• [REQUIRED WORK] What's wanted is each entry repeated verbatim, minus its images.

• [SOURCE INFORMATION]
____________

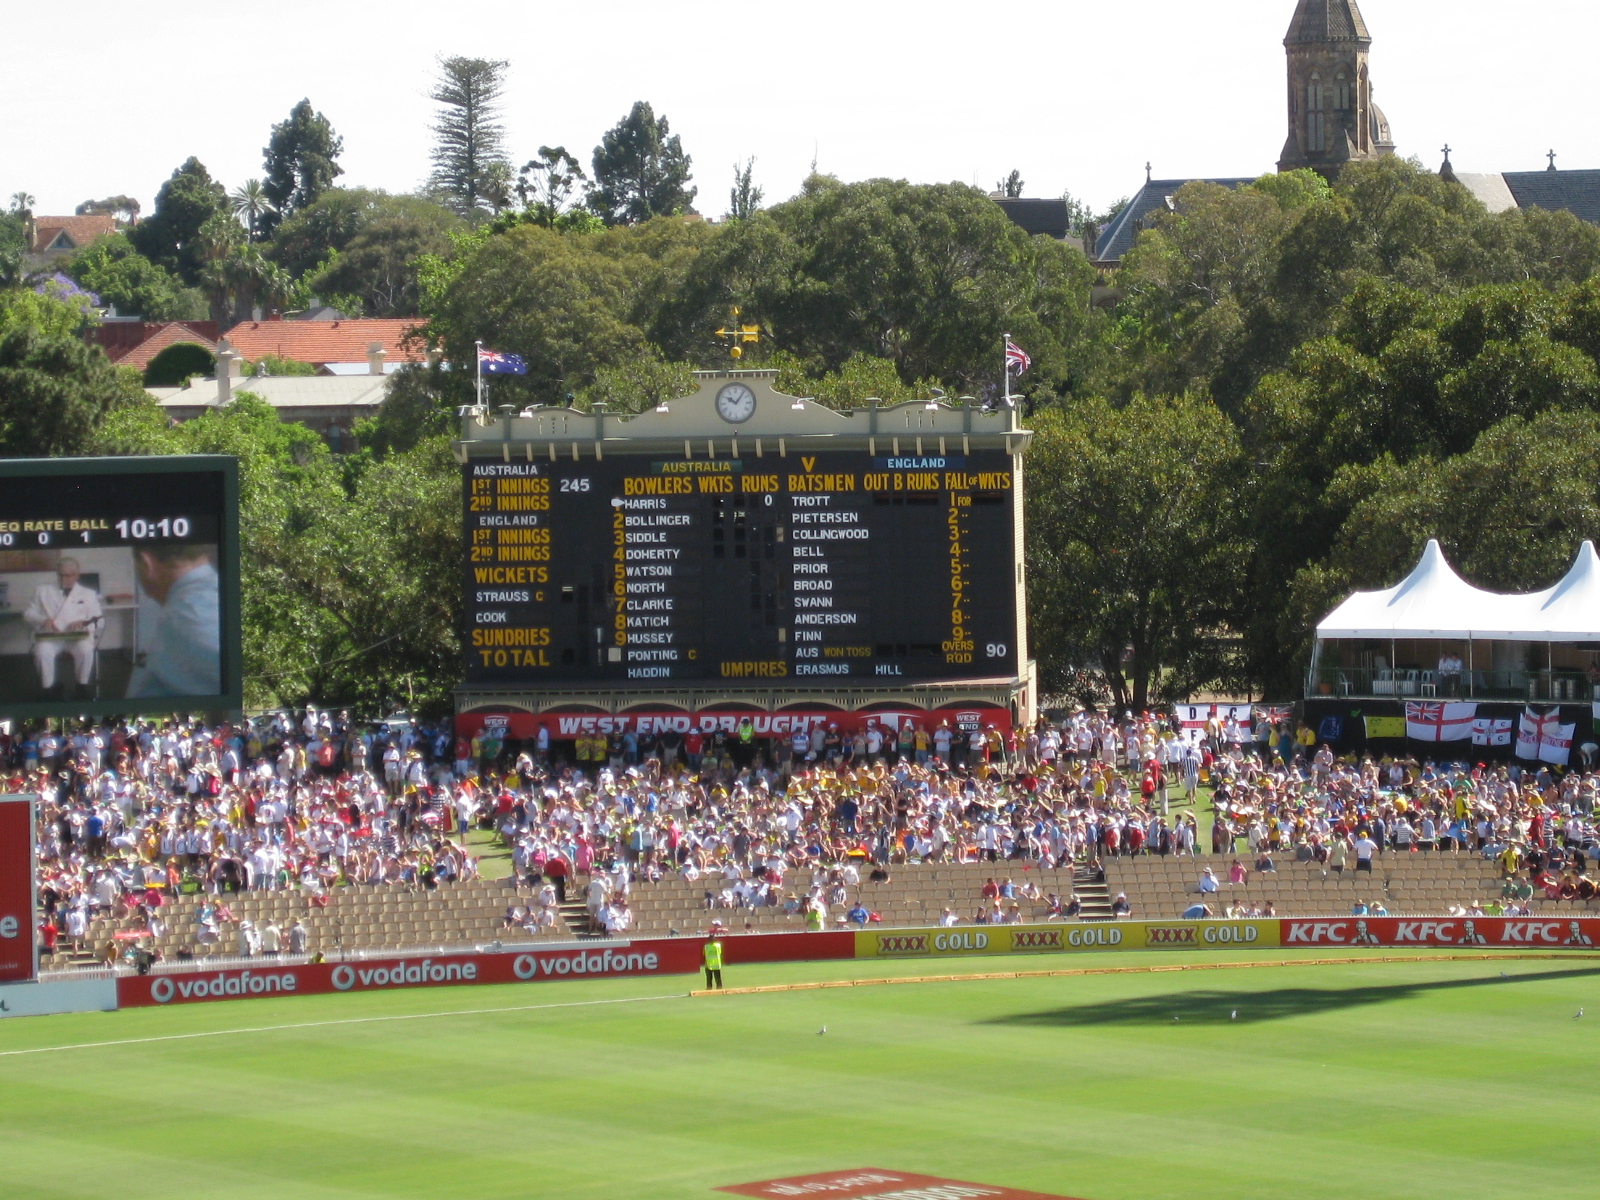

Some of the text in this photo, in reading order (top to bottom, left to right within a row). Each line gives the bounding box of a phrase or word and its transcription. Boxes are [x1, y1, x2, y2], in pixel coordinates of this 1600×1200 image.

[474, 465, 538, 476] AUSTRALIA
[662, 462, 732, 472] AUSTRALIA
[801, 457, 816, 472] V
[888, 458, 946, 468] ENGLAND
[472, 478, 550, 494] 1ST INNINGS
[560, 479, 590, 492] 245
[624, 475, 779, 496] BOWLERS WKTS RUNS
[788, 473, 940, 492] BATSMEN OUT B RUNS
[945, 472, 1011, 490] FALL OF WKTS
[470, 496, 550, 511] 2ND INNINGS
[624, 498, 667, 509] HARRIS
[764, 494, 772, 506] 0
[792, 496, 830, 506] TROTT
[958, 496, 972, 506] FOR
[480, 516, 537, 526] ENGLAND
[614, 514, 690, 528] 2 BOLLINGER
[792, 512, 858, 523] PIETERSEN
[948, 508, 958, 524] 2
[24, 521, 64, 532] RATE
[70, 520, 108, 530] BALL
[116, 518, 188, 538] 10:10
[792, 529, 868, 540] COLLINGWOOD
[949, 526, 959, 540] 3
[0, 531, 89, 546] 0 0 1
[473, 529, 550, 544] 1ST INNINGS
[614, 530, 666, 545] 3 SIDDLE
[471, 546, 550, 562] 2ND INNINGS
[614, 547, 680, 562] 4 DOHERTY
[793, 546, 824, 556] BELL
[950, 542, 960, 556] 4
[614, 564, 672, 578] 5 WATSON
[793, 564, 828, 574] PRIOR
[951, 558, 962, 574] 5
[474, 567, 548, 584] WICKETS
[951, 576, 962, 590] 6
[614, 580, 665, 595] 6 NORTH
[794, 580, 832, 590] BROAD
[476, 592, 544, 602] STRAUSS C
[614, 597, 673, 612] 7 CLARKE
[794, 597, 832, 608] SWANN
[952, 593, 962, 608] 7
[476, 612, 506, 622] COOK
[614, 614, 669, 630] 8 KATICH
[794, 614, 856, 624] ANDERSON
[952, 610, 962, 624] 8
[472, 628, 550, 646] SUNDRIES
[615, 631, 673, 646] 9 HUSSEY
[794, 631, 822, 641] FINN
[952, 627, 964, 641] 9
[796, 647, 872, 658] AUS WON TOSS
[942, 641, 974, 651] OVERS
[986, 644, 1006, 658] 90
[479, 650, 550, 667] TOTAL
[628, 650, 696, 661] PONTING C
[628, 668, 670, 678] HADDIN
[721, 661, 787, 678] UMPIRES
[796, 664, 902, 675] ERASMUS HILL
[559, 716, 827, 734] WEST END DRAUGHT
[1014, 928, 1122, 947] XXXX GOLD
[1150, 925, 1258, 943] XXXX GOLD
[1288, 922, 1347, 942] KFC
[1394, 922, 1454, 942] KFC
[1501, 922, 1560, 942] KFC
[881, 932, 988, 951] XXXX GOLD
[540, 950, 658, 976] vodafone
[358, 959, 477, 986] vodafone
[178, 971, 296, 998] vodafone
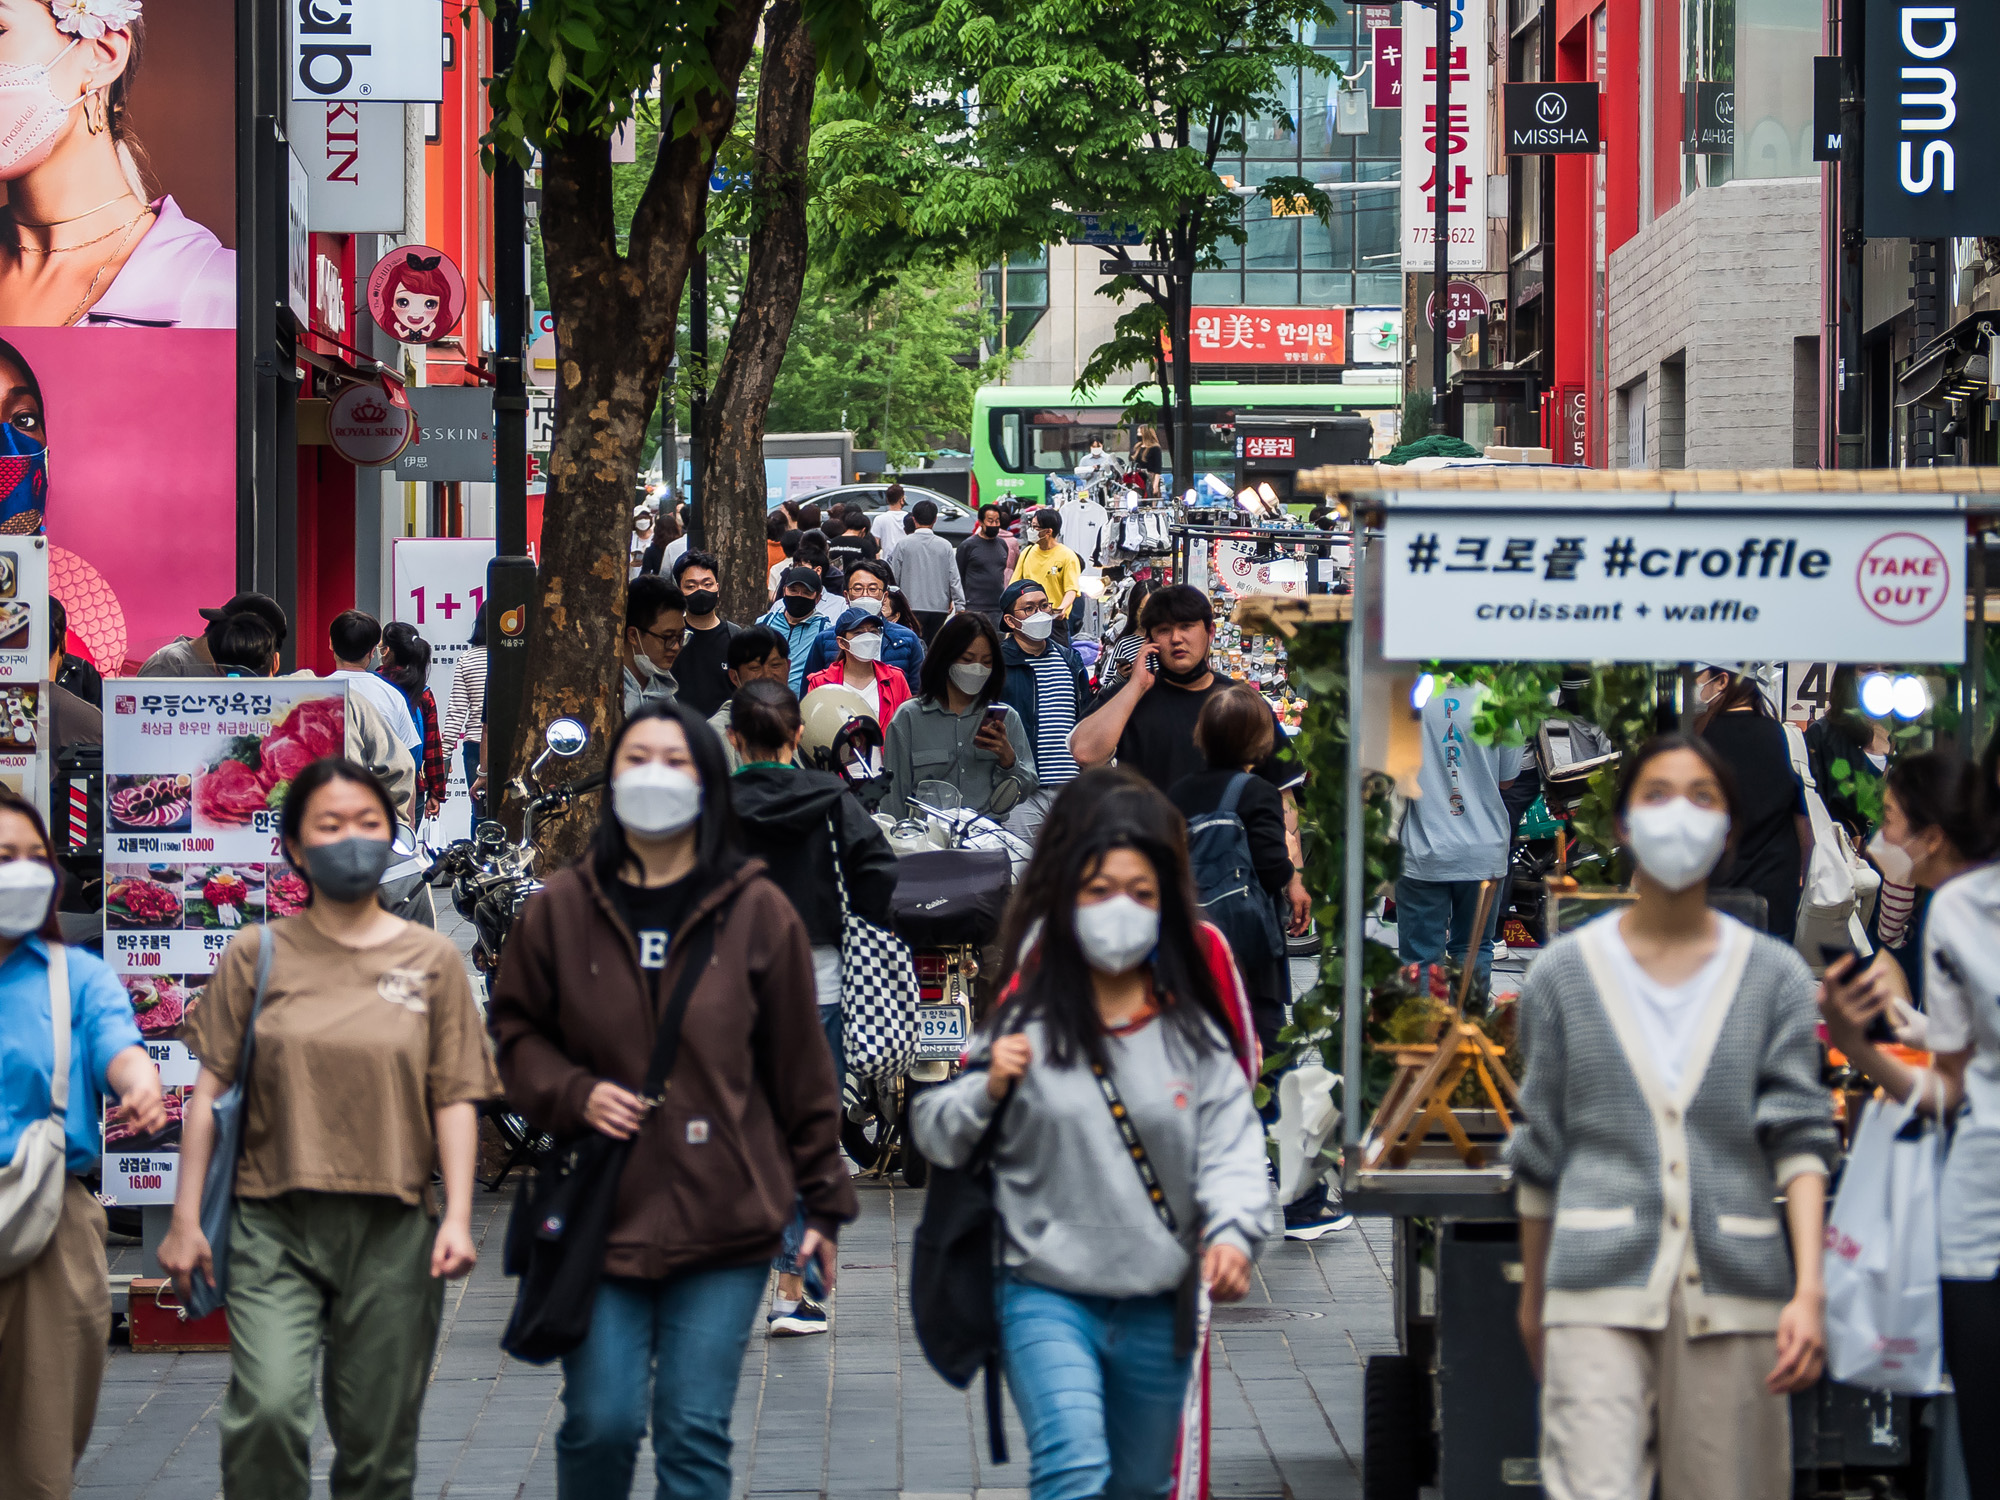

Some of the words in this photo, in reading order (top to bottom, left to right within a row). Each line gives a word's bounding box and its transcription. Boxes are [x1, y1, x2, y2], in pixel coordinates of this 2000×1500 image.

[1, 104, 38, 148] masklab
[1514, 128, 1589, 145] MISSHA
[1276, 322, 1333, 346] 한의원
[335, 427, 372, 437] ROYAL
[374, 427, 403, 437] SKIN
[1247, 438, 1293, 457] 상품권
[403, 456, 428, 468] 伊思
[1408, 533, 1587, 580] #크로플
[1604, 537, 1832, 579] #croffle
[1866, 556, 1938, 577] TAKE
[1873, 587, 1931, 606] OUT
[410, 586, 484, 625] 1+1
[1476, 599, 1623, 621] croissant
[1664, 599, 1758, 621] waffle
[140, 692, 272, 717] 무등산정육점
[140, 721, 173, 735] 최상급
[178, 721, 211, 735] 한우만
[216, 721, 271, 735] 취급합니다
[181, 838, 215, 852] 19,000
[117, 934, 138, 950] 한우
[139, 934, 171, 950] 주물럭
[203, 934, 225, 950] 한우
[127, 952, 161, 967] 21,000
[919, 1020, 959, 1036] 894
[146, 1046, 171, 1061] 마살
[921, 1044, 963, 1053] ONSTER
[119, 1157, 151, 1173] 삼겹살
[128, 1174, 162, 1190] 16,000
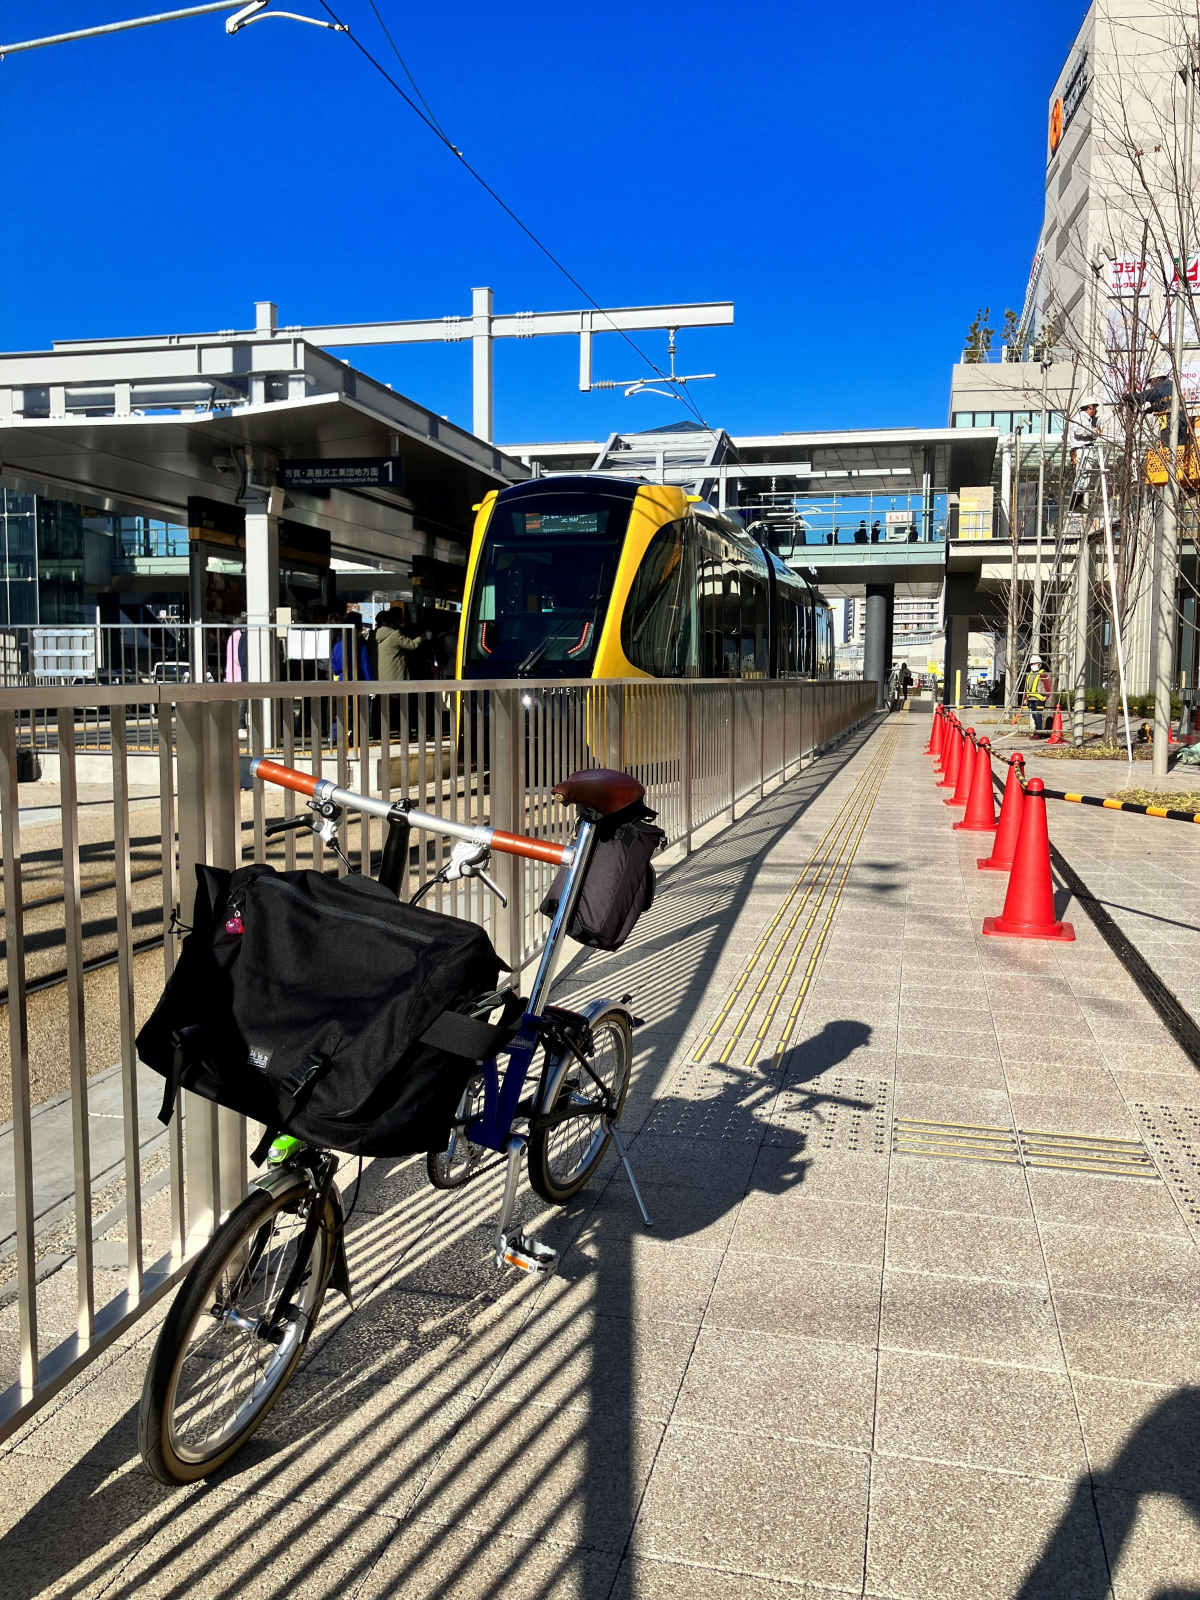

____________

• [SOLUTION FOR THIS PROBLEM]
Some of the text in this photo, in reading order (top to bottom, left to right within a row). Each line gives the bounding box of a phrase or word and its transcription. Boxes are [x1, y1, x2, y2], in pixel coordinates of this 1600×1200 image.

[474, 465, 538, 476] AUSTRALIA
[662, 462, 732, 472] AUSTRALIA
[801, 457, 816, 472] V
[888, 458, 946, 468] ENGLAND
[472, 478, 550, 494] 1ST INNINGS
[560, 479, 590, 492] 245
[624, 475, 779, 496] BOWLERS WKTS RUNS
[788, 473, 940, 492] BATSMEN OUT B RUNS
[945, 472, 1011, 490] FALL OF WKTS
[470, 496, 550, 511] 2ND INNINGS
[624, 498, 667, 509] HARRIS
[764, 494, 772, 506] 0
[792, 496, 830, 506] TROTT
[958, 496, 972, 506] FOR
[480, 516, 537, 526] ENGLAND
[614, 514, 690, 528] 2 BOLLINGER
[792, 512, 858, 523] PIETERSEN
[948, 508, 958, 524] 2
[24, 521, 64, 532] RATE
[70, 520, 108, 530] BALL
[116, 518, 188, 538] 10:10
[792, 529, 868, 540] COLLINGWOOD
[949, 526, 959, 540] 3
[0, 531, 89, 546] 0 0 1
[473, 529, 550, 544] 1ST INNINGS
[614, 530, 666, 545] 3 SIDDLE
[471, 546, 550, 562] 2ND INNINGS
[614, 547, 680, 562] 4 DOHERTY
[793, 546, 824, 556] BELL
[950, 542, 960, 556] 4
[614, 564, 672, 578] 5 WATSON
[793, 564, 828, 574] PRIOR
[951, 558, 962, 574] 5
[474, 567, 548, 584] WICKETS
[951, 576, 962, 590] 6
[614, 580, 665, 595] 6 NORTH
[794, 580, 832, 590] BROAD
[476, 592, 544, 602] STRAUSS C
[614, 597, 673, 612] 7 CLARKE
[794, 597, 832, 608] SWANN
[952, 593, 962, 608] 7
[476, 612, 506, 622] COOK
[614, 614, 669, 630] 8 KATICH
[794, 614, 856, 624] ANDERSON
[952, 610, 962, 624] 8
[472, 628, 550, 646] SUNDRIES
[615, 631, 673, 646] 9 HUSSEY
[794, 631, 822, 641] FINN
[952, 627, 964, 641] 9
[796, 647, 872, 658] AUS WON TOSS
[942, 641, 974, 651] OVERS
[986, 644, 1006, 658] 90
[479, 650, 550, 667] TOTAL
[628, 650, 696, 661] PONTING C
[628, 668, 670, 678] HADDIN
[721, 661, 787, 678] UMPIRES
[796, 664, 902, 675] ERASMUS HILL
[559, 716, 827, 734] WEST END DRAUGHT
[1014, 928, 1122, 947] XXXX GOLD
[1150, 925, 1258, 943] XXXX GOLD
[1288, 922, 1347, 942] KFC
[1394, 922, 1454, 942] KFC
[1501, 922, 1560, 942] KFC
[881, 932, 988, 951] XXXX GOLD
[540, 950, 658, 976] vodafone
[358, 959, 477, 986] vodafone
[178, 971, 296, 998] vodafone

Some of the words in this photo, in reading order (top to bottom, left to right within a row). Each line gives a word's bounding box and its transcription. Boxes are [x1, y1, x2, y2], in pixel coordinates of this 2000×1500 image.

[1, 104, 38, 148] masklab
[1514, 128, 1589, 145] MISSHA
[1276, 322, 1333, 346] 한의원
[335, 427, 372, 437] ROYAL
[374, 427, 403, 437] SKIN
[1247, 438, 1293, 457] 상품권
[403, 456, 428, 468] 伊思
[1408, 533, 1587, 580] #크로플
[1604, 537, 1832, 579] #croffle
[1866, 556, 1938, 577] TAKE
[1873, 587, 1931, 606] OUT
[410, 586, 484, 625] 1+1
[1476, 599, 1623, 621] croissant
[1664, 599, 1758, 621] waffle
[140, 692, 272, 717] 무등산정육점
[140, 721, 173, 735] 최상급
[178, 721, 211, 735] 한우만
[216, 721, 271, 735] 취급합니다
[181, 838, 215, 852] 19,000
[117, 934, 138, 950] 한우
[139, 934, 171, 950] 주물럭
[203, 934, 225, 950] 한우
[127, 952, 161, 967] 21,000
[919, 1020, 959, 1036] 894
[146, 1046, 171, 1061] 마살
[921, 1044, 963, 1053] ONSTER
[119, 1157, 151, 1173] 삼겹살
[128, 1174, 162, 1190] 16,000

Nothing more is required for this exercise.